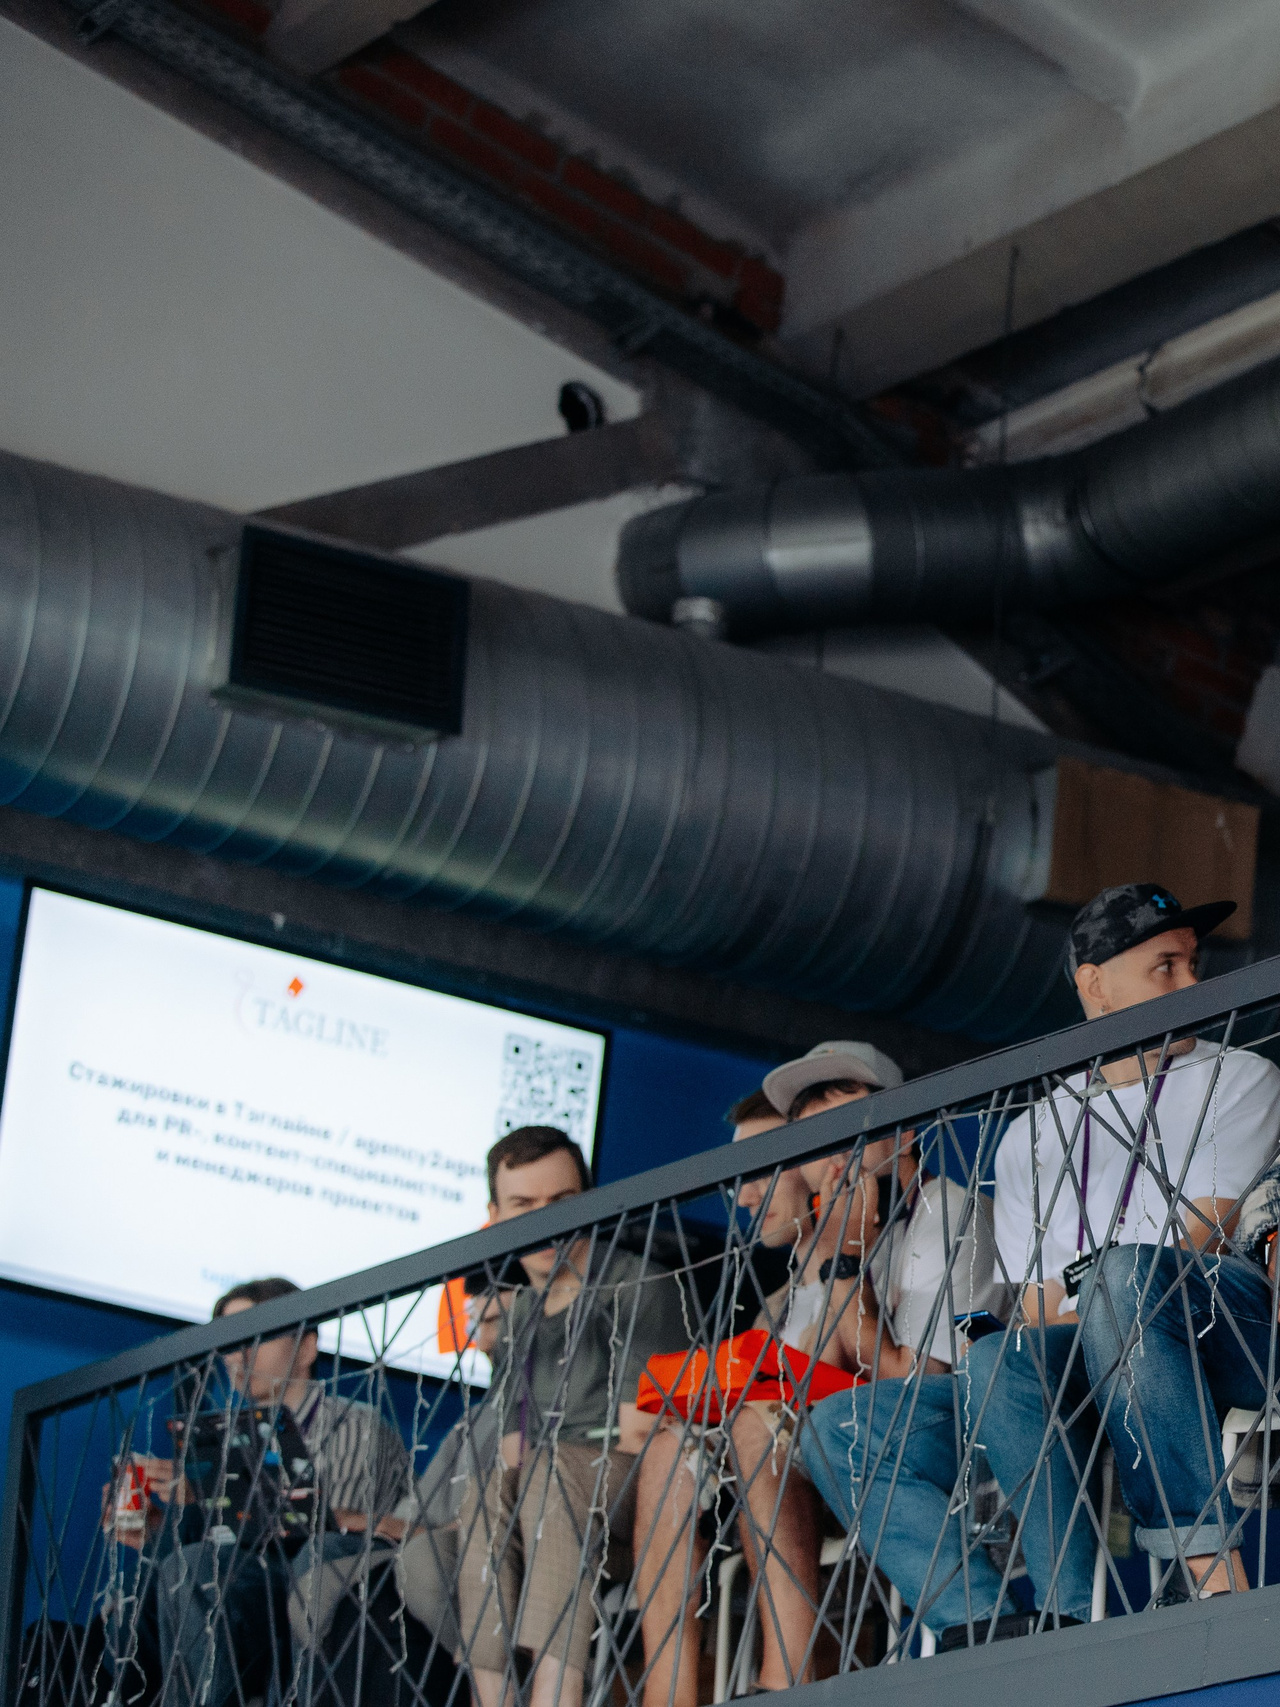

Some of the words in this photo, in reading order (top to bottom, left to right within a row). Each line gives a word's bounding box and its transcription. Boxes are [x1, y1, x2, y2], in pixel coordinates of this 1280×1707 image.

[252, 996, 389, 1059] TAGLINE
[68, 1059, 210, 1110] Стажировки
[215, 1102, 226, 1114] в
[234, 1100, 332, 1140] Тэглайне
[117, 1107, 157, 1128] для
[213, 1132, 464, 1203] контент-специалистов
[156, 1149, 169, 1162] и
[175, 1154, 314, 1197] менеджеров
[320, 1186, 420, 1222] проектов
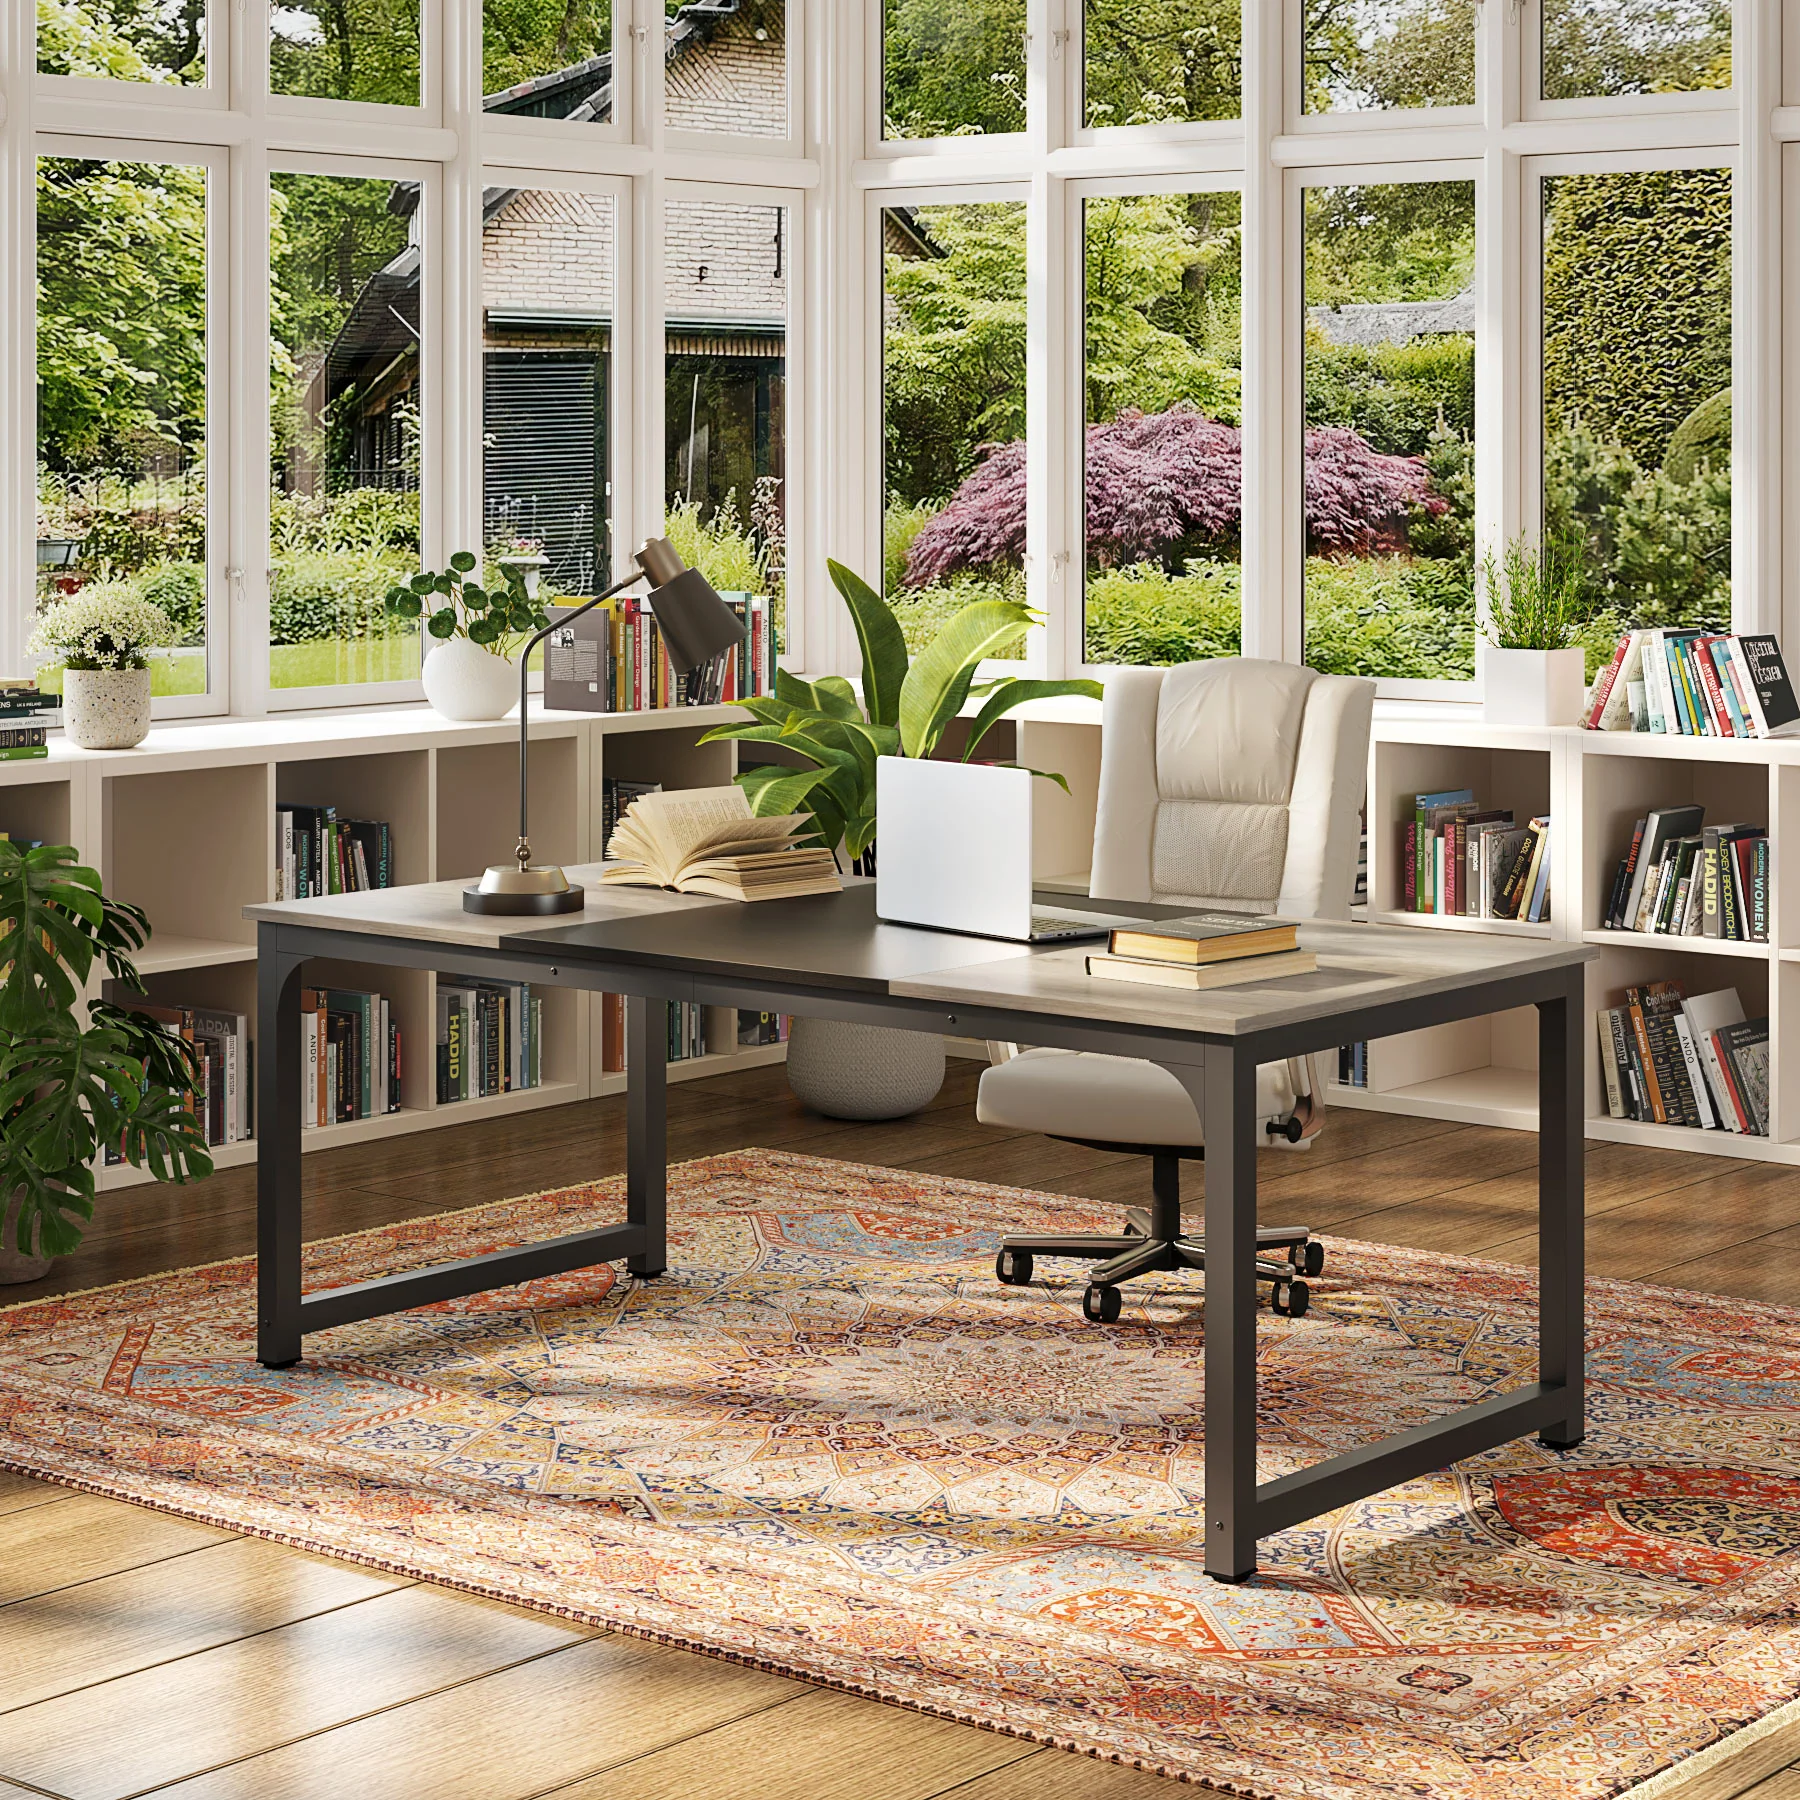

*-*-*

(What the task asks):
Copy the entries character for character, excluding any pictures.

(Task solution):
Some of the words in this photo, in reading order (top to bottom, left to right within a row). Each line gives a word's bounding box and its transcription. Boxes are [x1, y1, x2, y2], in pixel coordinates of this 1280×1707 image.

[252, 996, 389, 1059] TAGLINE
[68, 1059, 210, 1110] Стажировки
[215, 1102, 226, 1114] в
[234, 1100, 332, 1140] Тэглайне
[117, 1107, 157, 1128] для
[213, 1132, 464, 1203] контент-специалистов
[156, 1149, 169, 1162] и
[175, 1154, 314, 1197] менеджеров
[320, 1186, 420, 1222] проектов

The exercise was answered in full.